The implications in conjunction with a large body of evidence show that while a short-term cost benefit would favour adalimumab, ixekizumab and ustekinumab would be the favoured biologics in terms of cost per NNT for PASI 100 and PASI 90, respectively. Guselkumab has been recently launched but is not approved for Psoriasis in India so was not analysed. This has significant value for the public health system, where biologics are administered to patients, allowing costs and efficacy to be considered in terms of both short- and long-term goals.
Conclusion
This cost-impact shows that among the approved biologics for the treatment of moderate-to-severe PsO in India, ixekizumab has the lowest cost per NNT for a PASI100 response for induction and maintenance therapy up to 2 years. Our analysis at the prices listed at present, indicates that ixekizumab seems to have the highest relative efficacy based on cost per NNT amongst the approved biologics in India, though cost dynamics and generics may change the analysis over time. This data can be used both by public health agencies and dermatologists to estimate the cost to the patient on a short- and long-term basis, considering the efficacy, price while choosing advanced therapies.
Ethical approval
Institutional Review board approval is not required as it is an analytical study and no patients were recruited in this study.

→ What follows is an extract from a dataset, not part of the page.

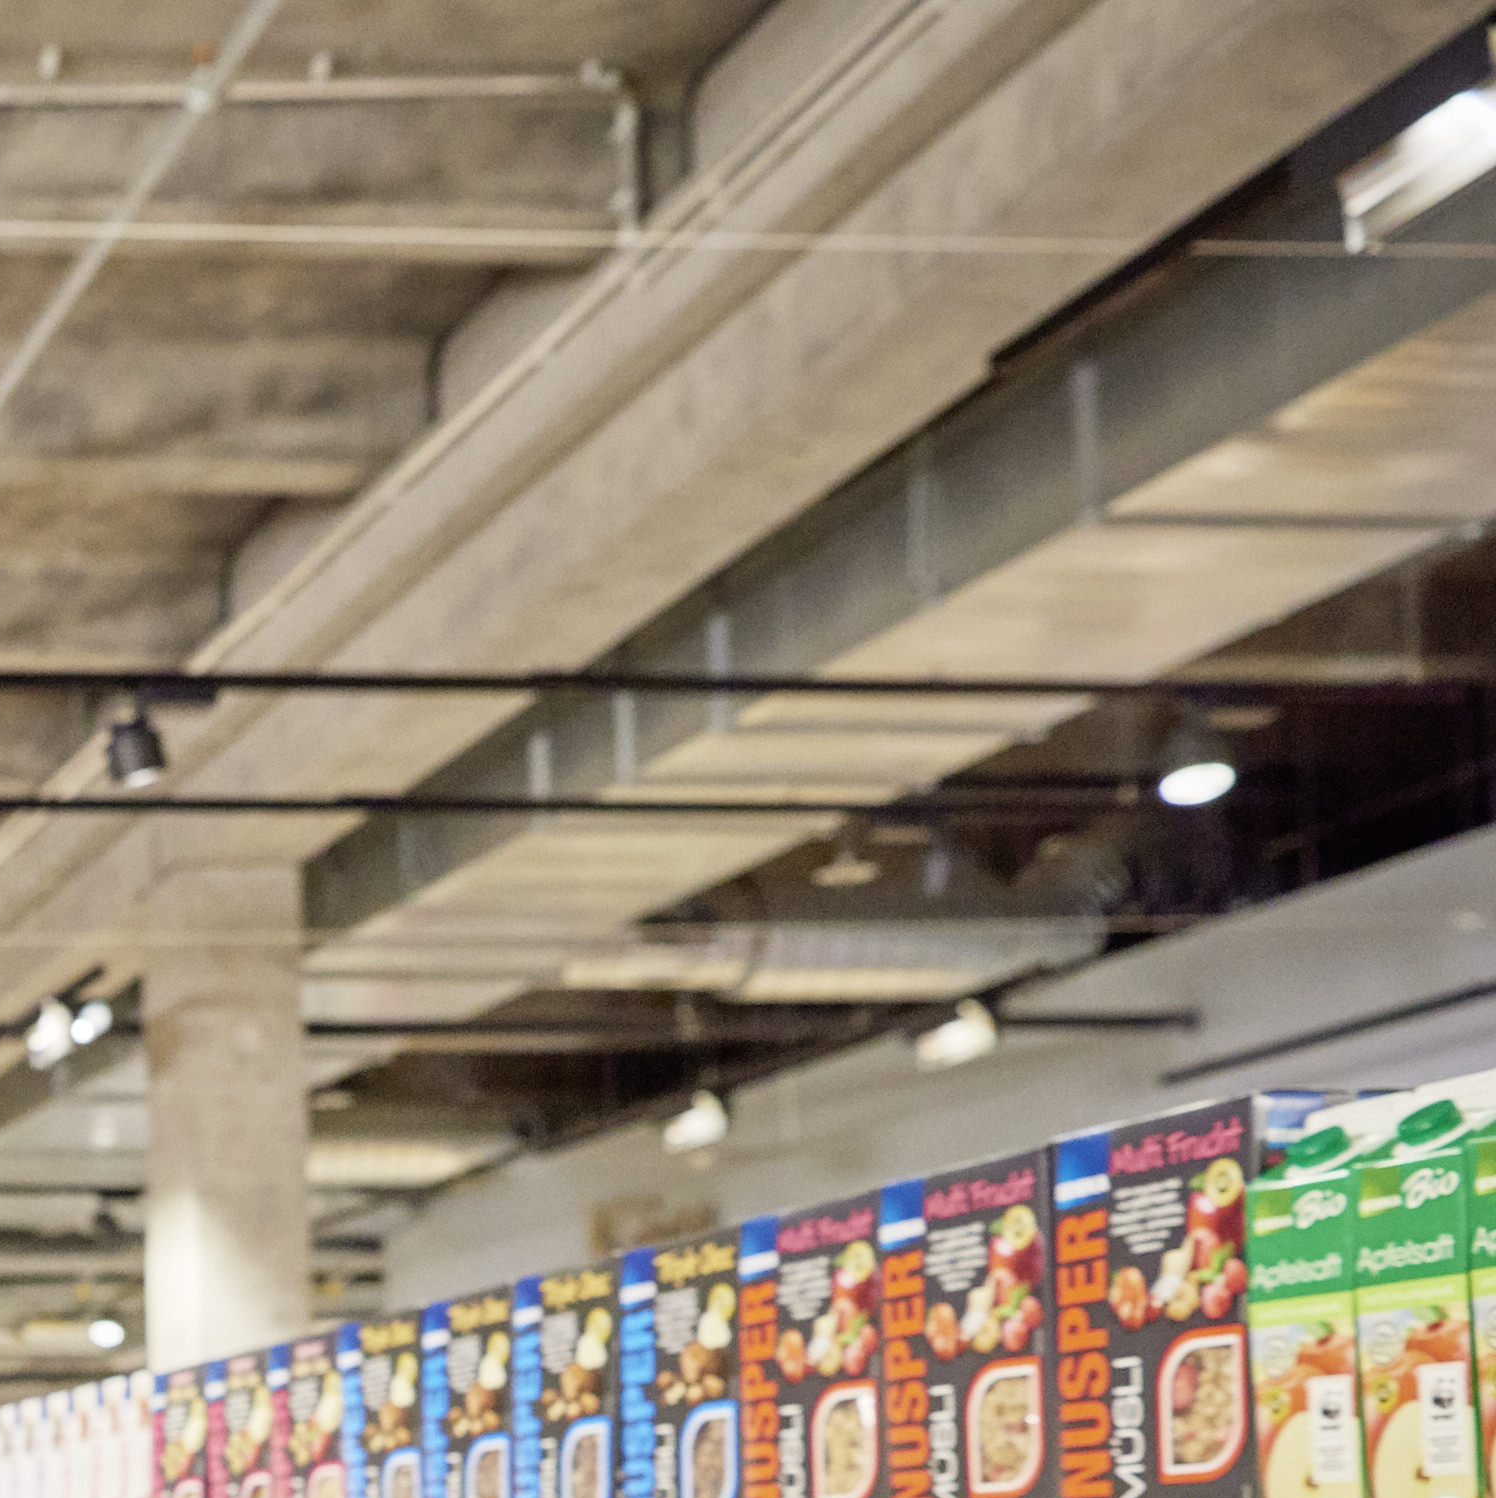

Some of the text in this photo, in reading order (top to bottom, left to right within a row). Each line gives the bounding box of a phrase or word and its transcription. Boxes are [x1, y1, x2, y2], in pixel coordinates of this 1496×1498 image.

[1292, 1188, 1348, 1229] Bio
[1401, 1167, 1460, 1210] Bio
[1357, 1233, 1455, 1276] Apfelsaft

Declaration of patient consent
Patient’s consent not required as there are no patients in this study.
Financial support and sponsorship
Nil.
Conflicts of interest
Dr. Rakesh K B, Dr. Manish Mistry and Tuhina Das are full time employee and shareholder of Eli Lilly and Compant pvt Ltd, which markets Ixekizumab in India. Dr Shekhar Neema, Dr. Manas Chatterjee, Dr. Soumya Jagadeesan have been contracted speakers for Eli Lilly and Company India Pvt ltd. Dr. Manas Chatterjee and Dr. Soumya Jagadeesan have received honorarium and have also been speakers for other pharmaceutical companies manufacturing/marketing biologics in India for meetings.
Use of artificial intelligence (AI)-assisted technology for manuscript preparation
The authors confirm that there was no use of artificial intelligence (AI)-assisted technology for assisting in the writing or editing of the manuscript and no images were manipulated using AI.